Compute environment

Author

Per Unneberg

Published

15-Nov-2023

UPPMAX

To run exercises on UPPMAX you need an account. You can apply for an account here.

We will primarily be using Uppsala’s high-performance computing (HPC) center UPPMAX to run exercises. Course material will be hosted in a dedicated course project directory /proj/naiss2023-22-1084.

We recommend you setup a working directory based on your username in /proj/naiss2023-22-1084/users in which to run your exercises:

mkdir -p /proj/naiss2023-22-1084/users/YOURUSERNAME
cd /proj/naiss2023-22-1084/users/YOURUSERNAME

All computations should be run on a compute node. You can request an interactive session with the interactive command. For example, to request an eight hour job on 4 cores, run

interactive -A naiss2023-22-1084 -n 4 \
   --time 08:00:00 \
   --reservation=naiss2023-22-1084_#

where # is a number that corresponds to the day of the week, starting from 1 (Monday=1, Tuesday=2, and so on).

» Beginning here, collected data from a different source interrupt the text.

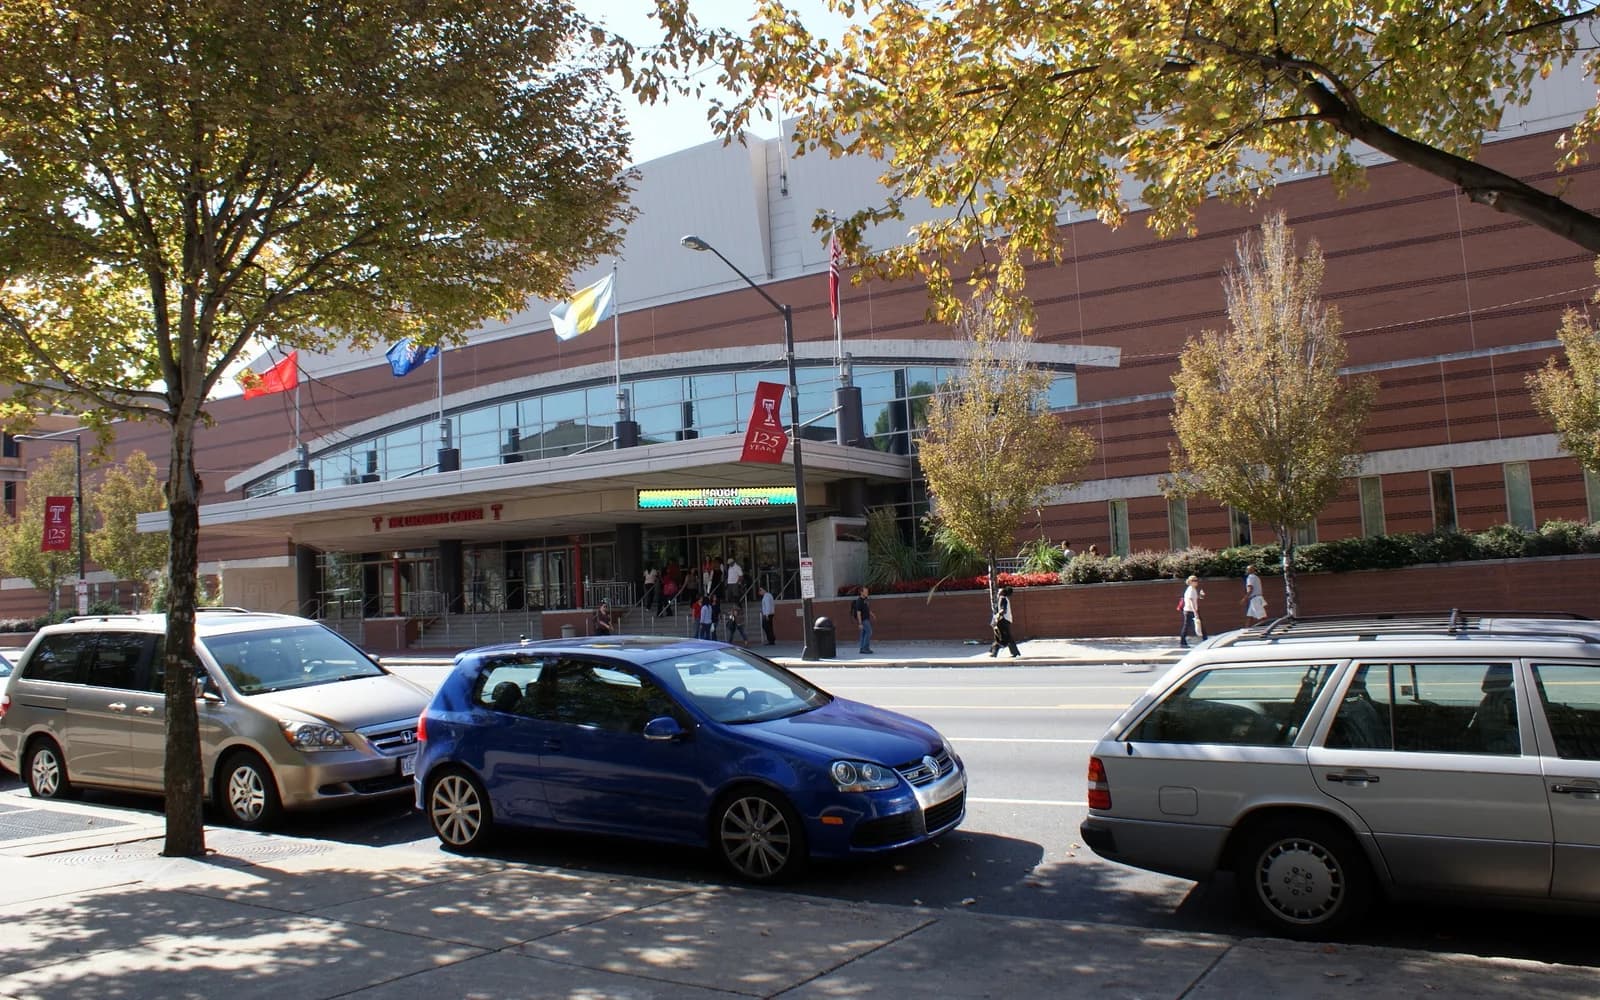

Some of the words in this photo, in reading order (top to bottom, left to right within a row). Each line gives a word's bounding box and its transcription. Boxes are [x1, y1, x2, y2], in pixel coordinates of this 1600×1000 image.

[763, 399, 775, 426] T
[752, 431, 781, 448] 125
[750, 444, 777, 454] YEARS
[703, 488, 738, 497] LAUGH
[673, 499, 684, 507] TO
[688, 498, 709, 507] KEEP
[714, 498, 736, 507] FROM
[740, 497, 769, 506] CRYING
[50, 505, 66, 523] T
[491, 503, 503, 520] T
[48, 528, 66, 539] 125
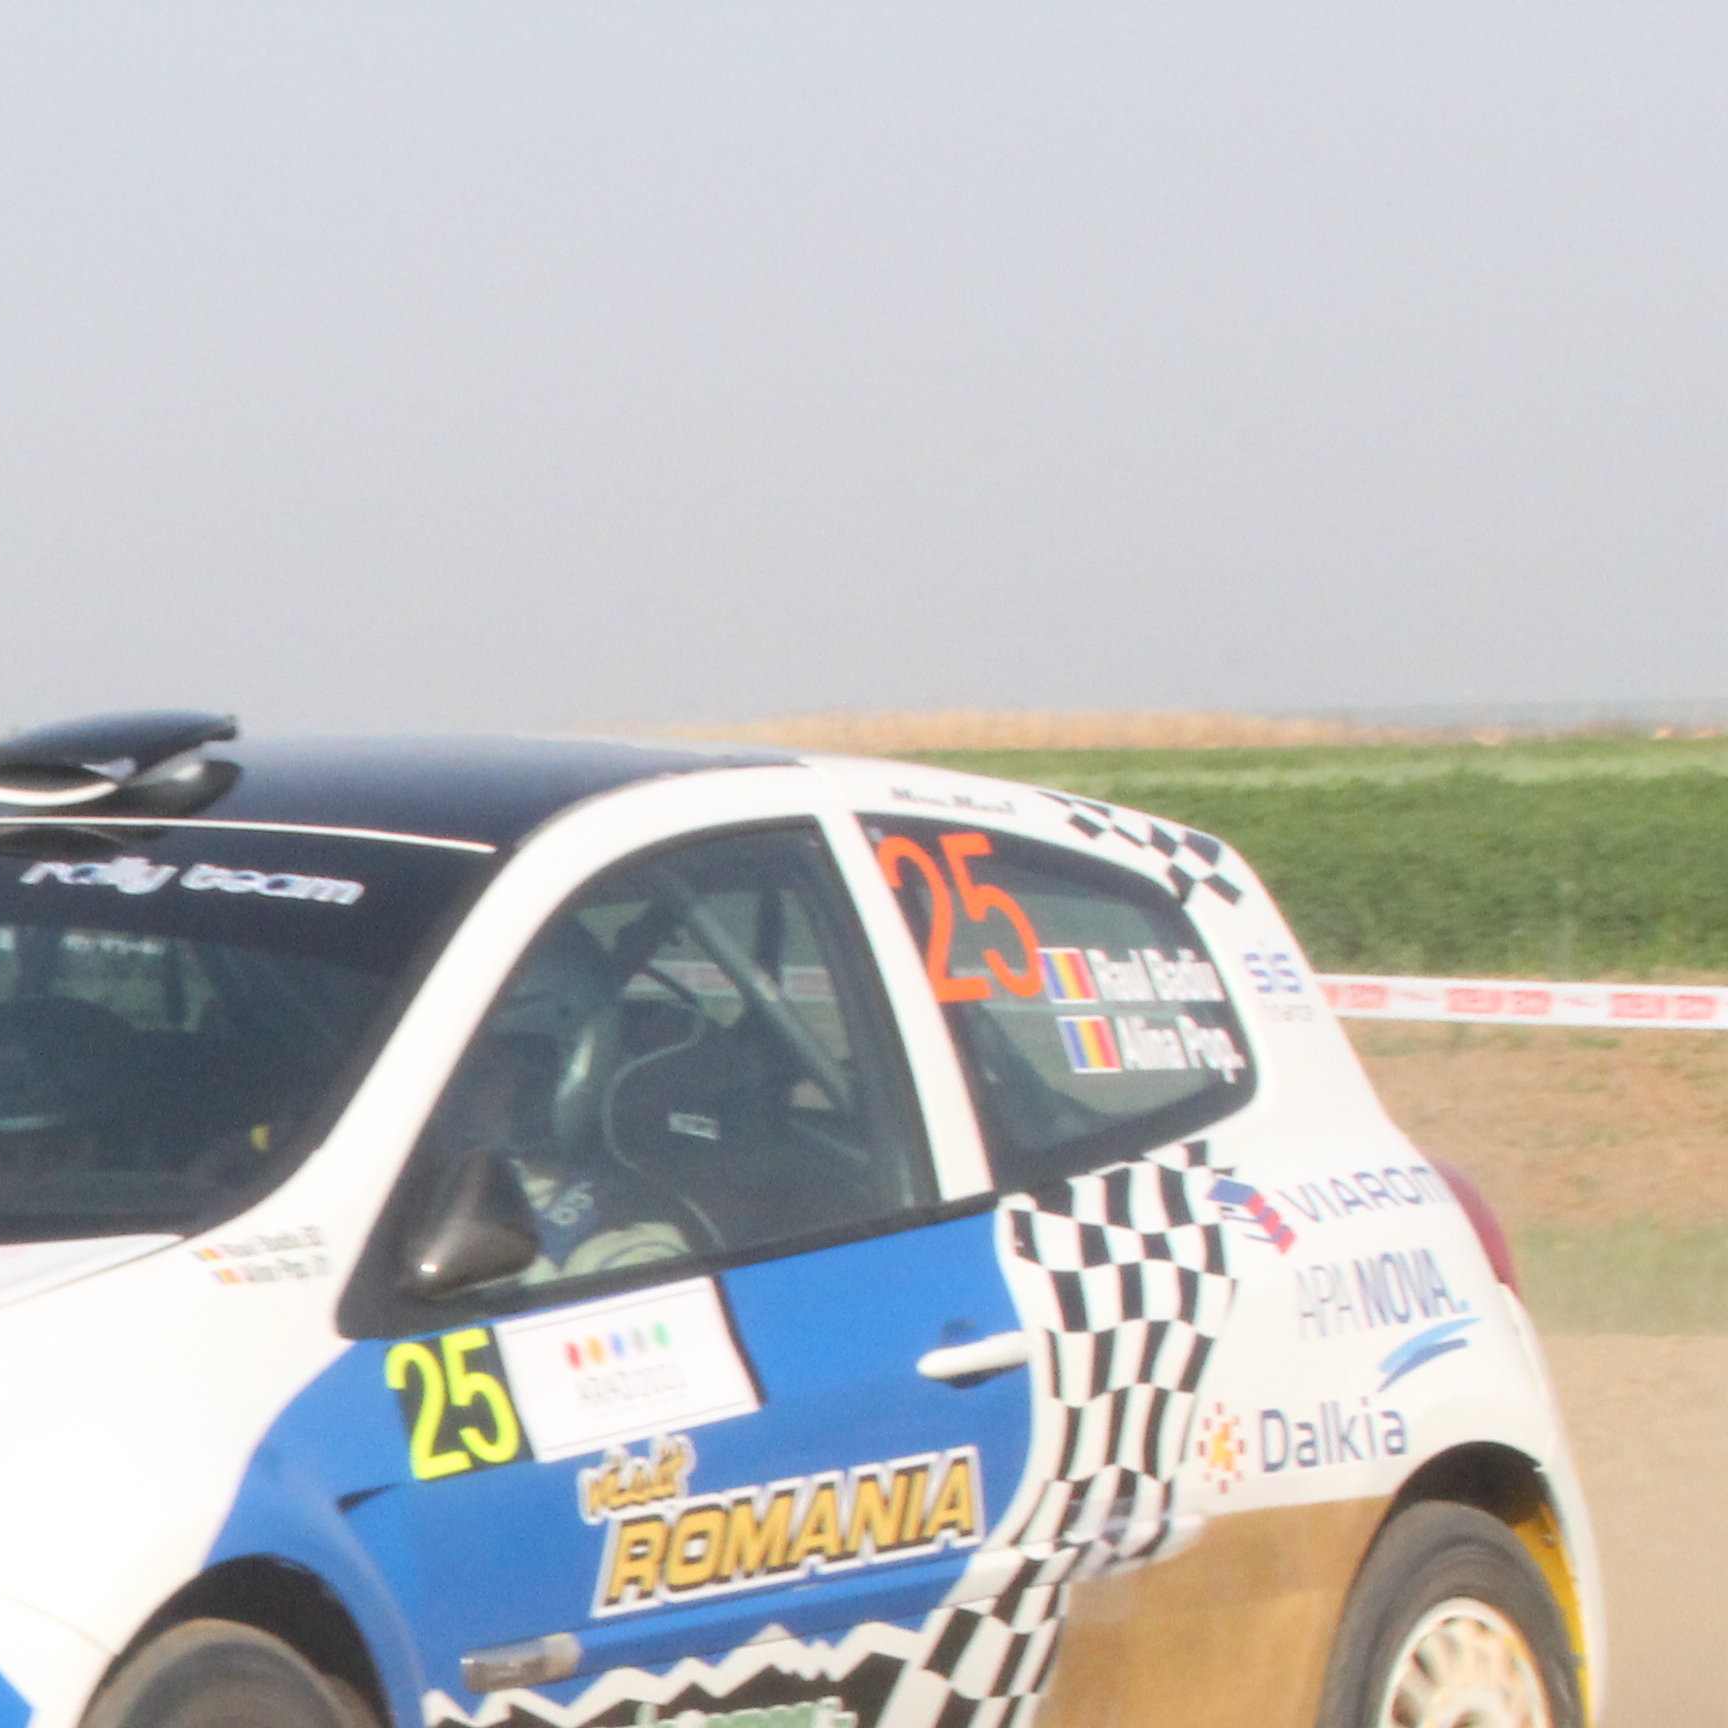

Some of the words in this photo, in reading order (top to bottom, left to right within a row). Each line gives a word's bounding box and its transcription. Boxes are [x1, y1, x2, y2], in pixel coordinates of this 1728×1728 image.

[180, 863, 365, 905] team
[877, 833, 1046, 1003] 25
[385, 1326, 520, 1481] 25
[1260, 1397, 1409, 1473] Dalkia
[595, 1449, 982, 1613] ROMANIA

Please do not book more than 4 cores

We have priviliged access to a limited number of nodes. Please do not book more than 4 cores or else your fellow students will experience long waiting times.

Make sure to login to a compute node before running any heavy commands

Tutorials

UPPMAX hosts tutorials and user guides at https://www.uppmax.uu.se/support/user-guides/. In particular, https://www.uppmax.uu.se/support/user-guides/guide--first-login-to-uppmax/ has information on how to connect to and work on UPPMAX.

Jupyter Notebooks

Jupyter Notebook exercises will be run in local compute environments on your laptop. See the section below on setting up a pgip conda environment, which by default installs jupyter and its dependencies.

JupyterLite

There are some Jupyter Notebook exercises that are hosted online and run using JupyterLite which is a JupyterLab distribution that runs entirely in the browser. Apart from having a browser, no preparations are necessary. Note that some users have reported issues with Firefox and that Google Chrome may be a better solution.

Conda

Exercises that require local software installation will make use of the conda package manager to install necessary requirements from the package repositories bioconda and conda-forge. This is also the fallback solution in case there are issues with the HPC.

1. Install conda

To start using conda, follow the quick command line install instructions to install the minimal conda installer miniconda.

2. Configure conda

Configure conda to access the package repositories (see also bioconda usage). This will modify your ~/.condarc file:

conda config --add channels defaults
conda config --add channels bioconda
conda config --add channels conda-forge
conda config --set channel_priority strict
Important

Please note that the order of these commands is important! When conda config --add is run it adds the channel to the top of the list in your configuration, so your ~/.condarc will end up looking like this:

cat ~/.condarc
channels:
  - conda-forge
  - bioconda
  - defaults
channel_priority: strict

3. Create an isolated course environment

It is suggested you create and change to a isolated environment pgip dedicated to the course. The command below will create an environment named pgip and install the packages python version 3.10, an R base installation (r-base), the jupyter package that provides support for Jupyter Notebooks, an R kernel for Jupyter, and the mamba package manager.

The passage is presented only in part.